The RSPAN port mirroring session configuration is little more involved when compared to SPAN setup. You have to configure RSPAN session on VDS and also configure RSPAN VLAN on physical switches. A dedicated RSPAN VLAN is defined to carry the port mirror traffic. Let’s briefly take a look at the main components of the RSPAN session as shown in the above diagram.

1)   VDS – VDS is called as source switch because RSPAN source of the port mirroring session is on this virtual switch.

2)   S1 – Physical switch is intermediate switch. S1 is not RSPAN source or destination switch.

3)   S2 – Physical switch is destination switch. The S2 switch port where Analyzer is connected acts as RSPAN destination.

4)  Analyzer – Device where packet analysis is performed.

Since RSPAN end to end mirror session configuration requires physical switch support, users should look at the physical switch vendor’s documentation for guidelines and any limitation of RSPAN feature.

We will now go through the steps of configuring a remote mirroring (RSPAN) session on VDS. As shown in the diagram below, select “Remote Mirroring Source” and configure the source of the RSPAN session.

RSPAN configuration – screen1

According to the configuration screen above, VDS switch can also act as the destination for the RSPAN session by selecting “Remote Mirroring Destination”. I will talk about that deployment in the part 3 of this series.

The next step in the configuration process is enabling the port mirror session status, providing VLAN ID for RSPAN traffic, and selecting or deselecting the preserve original VLAN option.

RSPAN configuration – screen 2

In this example we have configured VLAN 400 as RSPAN VLAN or “Encapsulation VLAN ID”. We have deselected Preserve original VLAN. Also, allow Normal I/O on distributed ports (Please refer to the diagram below).

In scenarios where virtual machine tags traffic and you want to preserve the VLAN information in the monitored packets, you should check the preserve original VLAN box. Once you check the box the mirrored packet will be double tagged also called as QinQ tag. The external tag of these packet will be VLAN 400, RSPAN VLAN. In this example the monitored virtual machine doesn’t send tagged traffic so we have deselected preserve original VLAN option.

RSPAN configuration – screen 3

The next step is to select the ports that need monitoring. As shown in the figure below, select the virtual machine or vmknic ports that you would like to monitor as part of this RSPAN session.

RSPAN configuration – screen 4

Then select the direction of the traffic that will be mirrored. In this case both ingress and egress traffic is selected.

RSPAN configuration – screen 5

After the source port and traffic direction config, it is time to configure the destination port where the mirror traffic will be sent. You can choose uplinks connected to the VDS as the mirror destination.

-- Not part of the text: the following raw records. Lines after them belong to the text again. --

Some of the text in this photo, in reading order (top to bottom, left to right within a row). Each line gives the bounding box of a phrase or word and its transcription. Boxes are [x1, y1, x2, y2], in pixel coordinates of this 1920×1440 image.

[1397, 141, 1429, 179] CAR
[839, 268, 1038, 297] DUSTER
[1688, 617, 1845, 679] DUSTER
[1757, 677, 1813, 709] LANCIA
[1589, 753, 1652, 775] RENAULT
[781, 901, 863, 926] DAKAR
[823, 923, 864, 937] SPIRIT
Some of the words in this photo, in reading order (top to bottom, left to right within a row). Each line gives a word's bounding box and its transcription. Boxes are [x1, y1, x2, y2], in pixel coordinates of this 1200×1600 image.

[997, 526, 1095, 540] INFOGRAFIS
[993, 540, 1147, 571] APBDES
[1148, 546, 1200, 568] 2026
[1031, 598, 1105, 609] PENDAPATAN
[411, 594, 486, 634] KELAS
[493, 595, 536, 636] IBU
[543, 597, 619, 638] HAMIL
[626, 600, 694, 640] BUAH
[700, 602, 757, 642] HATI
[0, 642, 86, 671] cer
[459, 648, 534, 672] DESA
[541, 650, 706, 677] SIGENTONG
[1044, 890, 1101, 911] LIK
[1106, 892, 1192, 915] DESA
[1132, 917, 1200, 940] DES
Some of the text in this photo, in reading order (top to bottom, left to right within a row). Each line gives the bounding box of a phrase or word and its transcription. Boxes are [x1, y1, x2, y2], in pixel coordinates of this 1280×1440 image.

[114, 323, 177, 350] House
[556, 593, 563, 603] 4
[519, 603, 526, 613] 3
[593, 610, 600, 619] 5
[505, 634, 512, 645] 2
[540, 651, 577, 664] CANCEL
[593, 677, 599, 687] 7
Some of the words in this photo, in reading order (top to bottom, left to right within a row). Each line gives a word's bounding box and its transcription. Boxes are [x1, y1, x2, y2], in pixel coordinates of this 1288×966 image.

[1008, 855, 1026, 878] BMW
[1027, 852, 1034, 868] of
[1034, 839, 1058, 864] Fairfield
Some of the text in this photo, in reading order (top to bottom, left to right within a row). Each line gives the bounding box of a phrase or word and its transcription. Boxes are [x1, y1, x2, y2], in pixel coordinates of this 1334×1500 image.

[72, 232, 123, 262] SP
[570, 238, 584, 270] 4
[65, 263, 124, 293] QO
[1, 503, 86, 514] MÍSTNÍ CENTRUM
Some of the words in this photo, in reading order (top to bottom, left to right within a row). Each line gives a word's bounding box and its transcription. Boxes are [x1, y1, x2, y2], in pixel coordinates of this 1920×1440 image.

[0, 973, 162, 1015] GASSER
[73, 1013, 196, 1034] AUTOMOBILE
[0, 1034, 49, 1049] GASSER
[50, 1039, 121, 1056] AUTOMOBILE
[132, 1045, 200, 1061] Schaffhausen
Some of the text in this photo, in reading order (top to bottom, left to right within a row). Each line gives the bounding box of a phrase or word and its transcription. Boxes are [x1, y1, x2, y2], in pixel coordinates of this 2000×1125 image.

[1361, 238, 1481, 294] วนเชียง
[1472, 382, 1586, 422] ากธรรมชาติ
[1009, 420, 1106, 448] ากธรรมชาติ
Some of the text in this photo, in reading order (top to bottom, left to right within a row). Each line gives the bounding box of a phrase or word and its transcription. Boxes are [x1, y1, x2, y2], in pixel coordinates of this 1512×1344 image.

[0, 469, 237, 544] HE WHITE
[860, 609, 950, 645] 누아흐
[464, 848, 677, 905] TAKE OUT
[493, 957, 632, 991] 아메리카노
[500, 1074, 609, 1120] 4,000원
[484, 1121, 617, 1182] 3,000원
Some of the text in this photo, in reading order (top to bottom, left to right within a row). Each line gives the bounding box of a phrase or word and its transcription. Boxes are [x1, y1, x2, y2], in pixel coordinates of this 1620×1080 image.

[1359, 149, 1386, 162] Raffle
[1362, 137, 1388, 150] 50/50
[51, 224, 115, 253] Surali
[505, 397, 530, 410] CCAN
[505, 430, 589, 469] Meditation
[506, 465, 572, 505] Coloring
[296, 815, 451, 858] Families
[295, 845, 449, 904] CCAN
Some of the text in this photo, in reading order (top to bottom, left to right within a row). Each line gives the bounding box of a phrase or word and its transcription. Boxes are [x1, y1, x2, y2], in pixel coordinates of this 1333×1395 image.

RSPAN configuration – screen 6

In this example, we have selected only uplink1 to carry the mirror traffic.

RSPAN configuration – screen 7

This concludes the configuration on the VDS.

After completing the RSPAN source session configuration on VDS, we will configure the Switch S1 and S2 such that mirror traffic is delivered to the Analyzer connected on the S2 port. Please refer to the “RSPAN Deployment” diagram  for the switch connectivity details.

S1 Switch Configuration:

1)   Configure VLAN 400 as RSPAN VLAN (Example Cisco CLI commands)

  1. Vlan 400
  2. Remote span
  3. exit

2)   Configure physical switch port where host’s vmnic1 (uplink1) is connected as trunk, and then add VLAN 400 in the list of allowed VLANs.

3)   Configure VLAN 400 on the trunk port connecting physical switch S2.

S2 Switch Configuration:

1)   Configure VLAN 400 as RSPAN VLAN (Example Cisco CLI commands)

  1. Vlan 400
  2. Remote span
  3. exit

2)   Configure VLAN 400 on the trunk port connecting physical switch S1.

3)   Configure destination RSPAN session to send traffic to the switch port where analyzer is connected (Example Cisco CLI commands)

  1. monitor session 10 source remote vlan 400
  2. monitor session 10 destination interface Gig 1/22

After this configuration you will be able to monitor virtual machine traffic centrally on the Analyzer device that is connected multiple hops away from the source.